• **Data provided**:
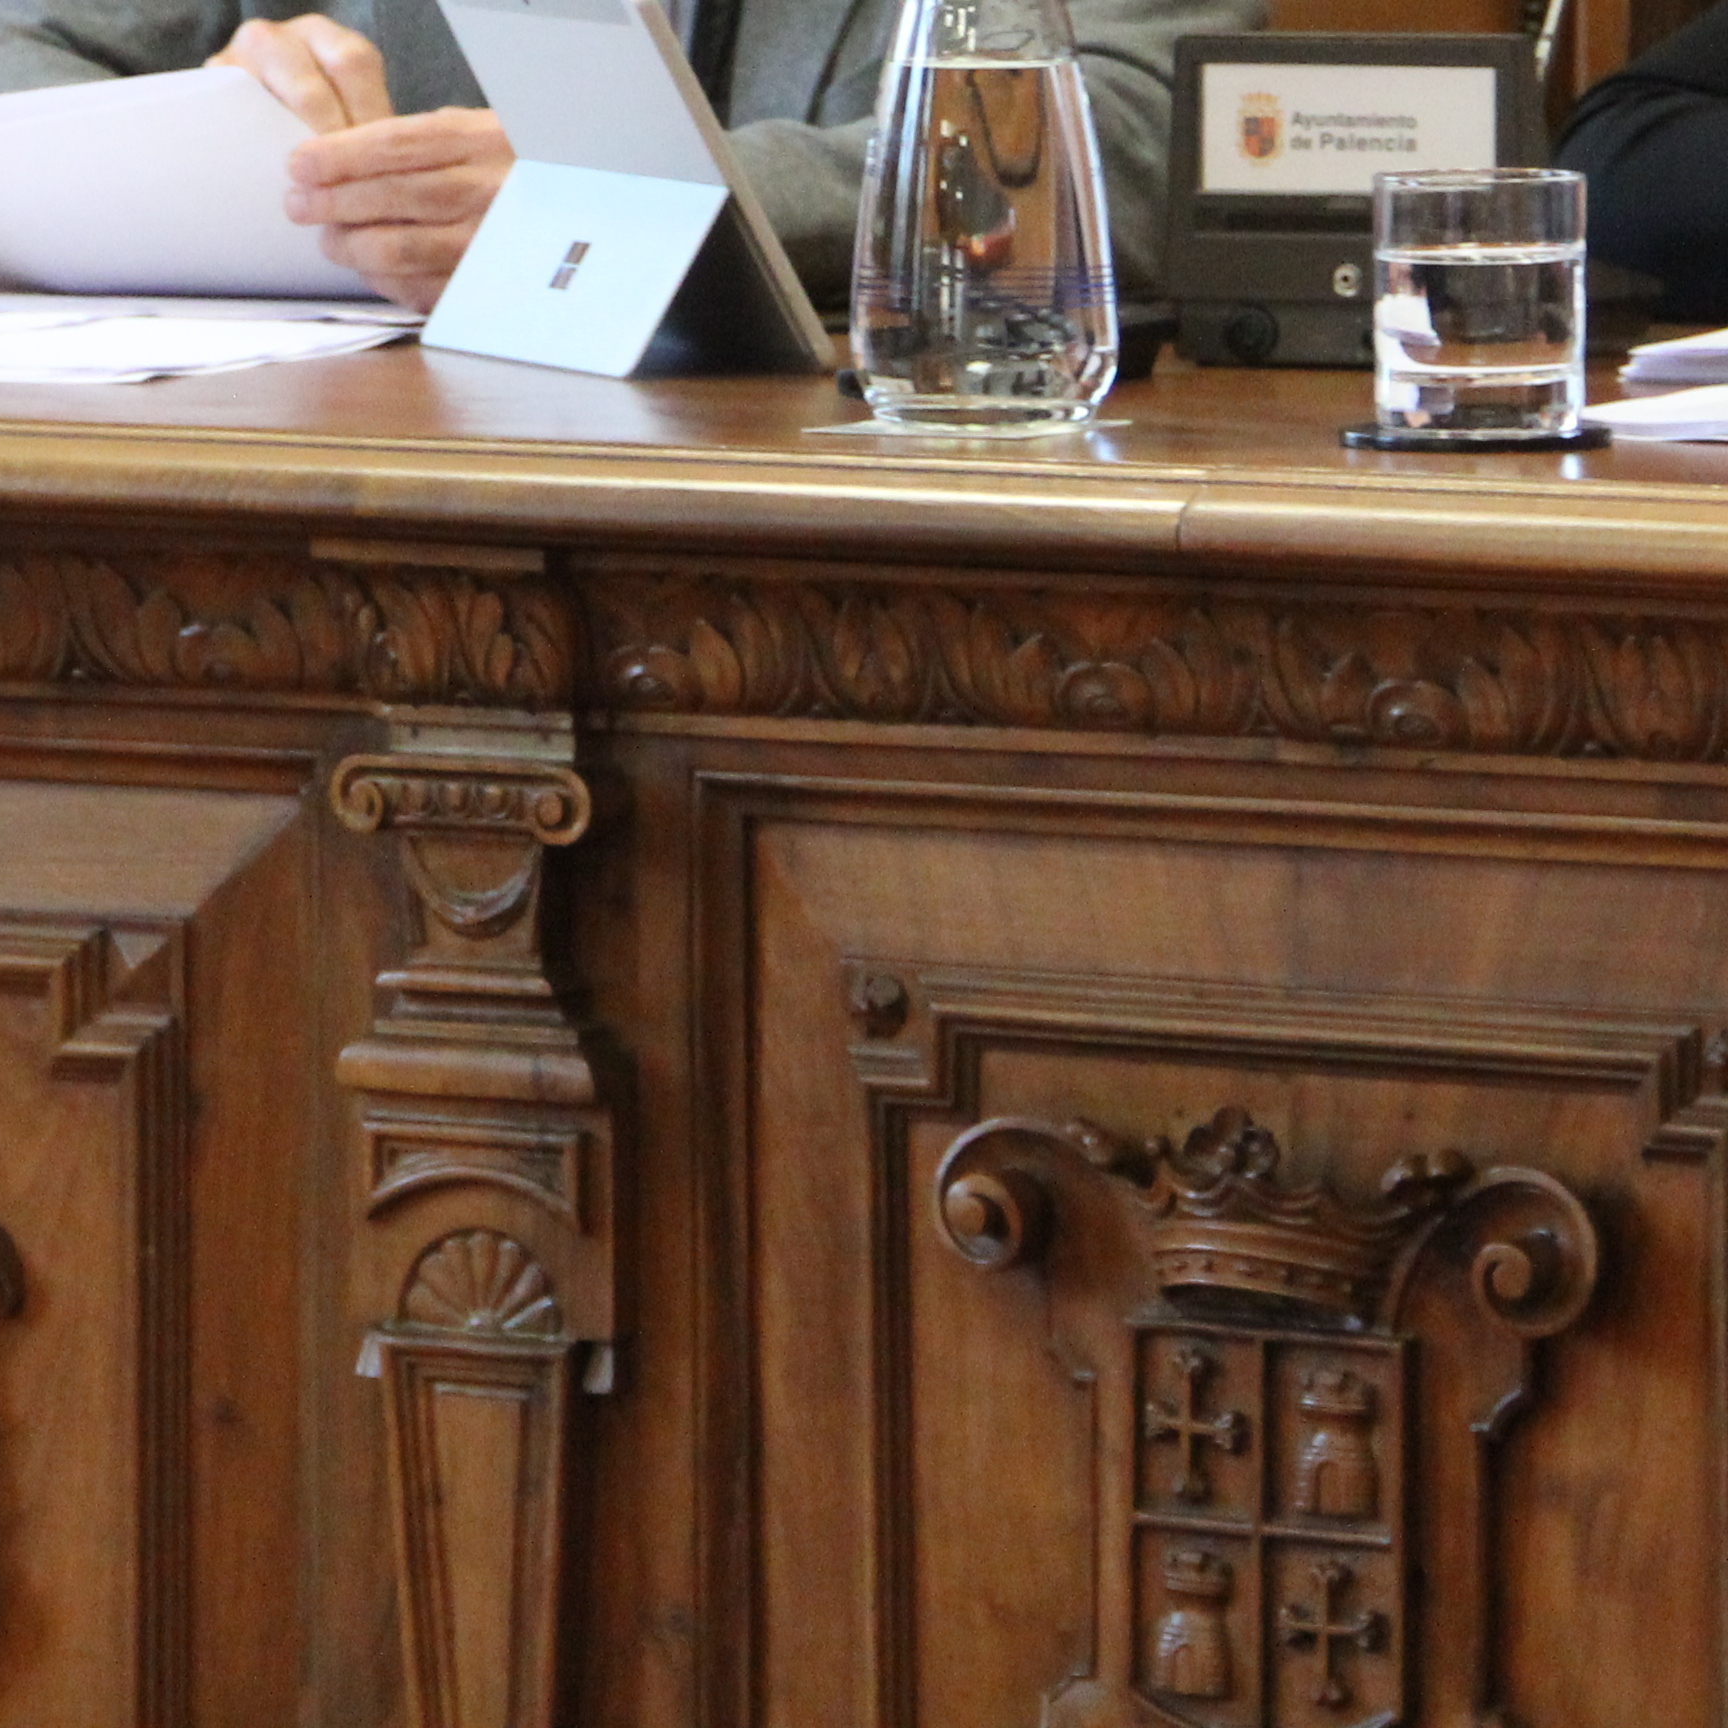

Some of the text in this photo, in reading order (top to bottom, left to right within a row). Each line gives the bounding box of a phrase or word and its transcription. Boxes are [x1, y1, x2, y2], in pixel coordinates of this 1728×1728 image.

[1292, 112, 1418, 130] Ayuntamiento
[1291, 133, 1418, 153] de Palencia
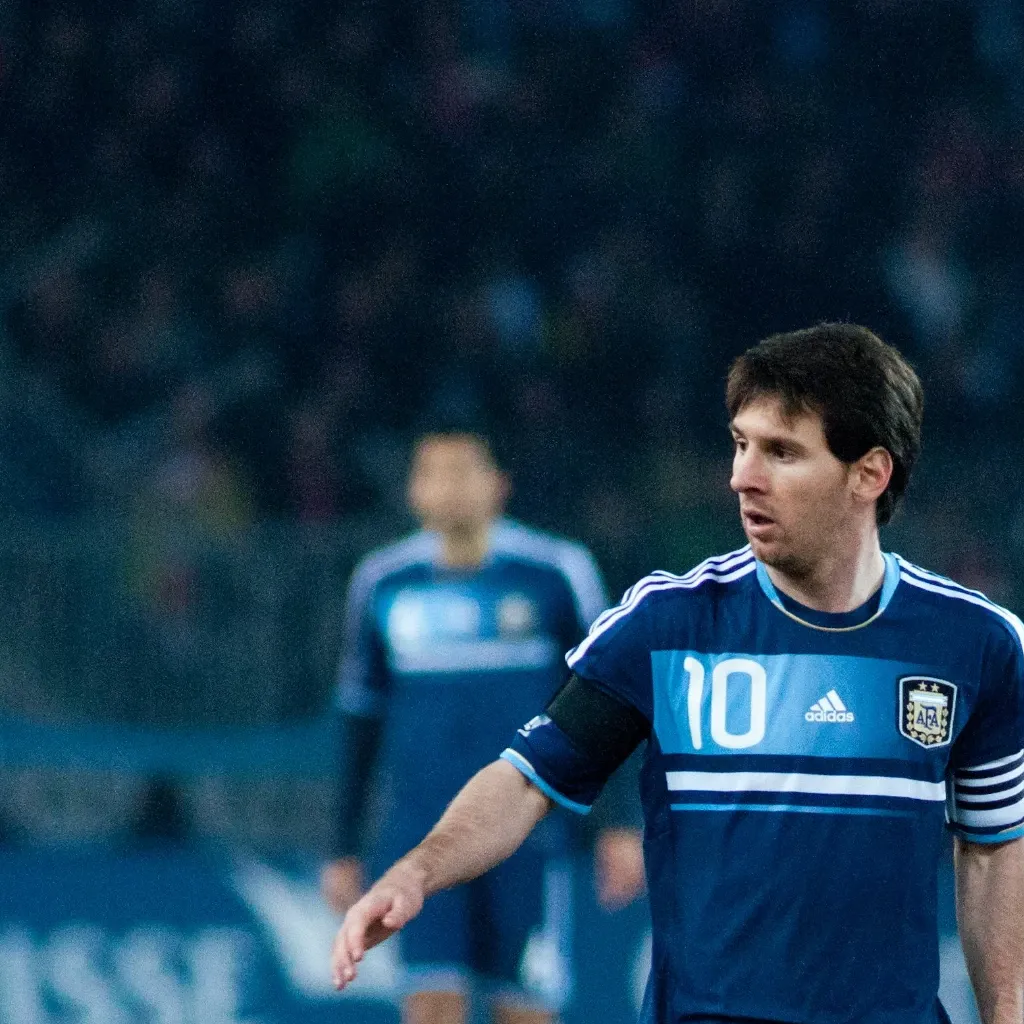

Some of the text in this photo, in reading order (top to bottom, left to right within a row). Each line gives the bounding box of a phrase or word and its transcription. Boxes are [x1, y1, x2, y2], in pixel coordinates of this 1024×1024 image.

[683, 656, 766, 749] 10
[805, 709, 854, 722] adidas
[916, 704, 939, 730] AFA

• **Required action**: Set the entries down again exactly. Do not include the images.

• **Response to this exercise**:
Some of the text in this photo, in reading order (top to bottom, left to right within a row). Each line gives the bounding box of a phrase or word and its transcription. Boxes are [x1, y1, x2, y2], in pixel coordinates of this 1728×1728 image.

[1292, 112, 1418, 130] Ayuntamiento
[1291, 133, 1418, 153] de Palencia

Some of the text in this photo, in reading order (top to bottom, left to right within a row). Each line gives the bounding box of a phrase or word and its transcription. Boxes are [x1, y1, x2, y2], in pixel coordinates of this 1024×1024 image.

[683, 656, 766, 749] 10
[805, 709, 854, 722] adidas
[916, 704, 939, 730] AFA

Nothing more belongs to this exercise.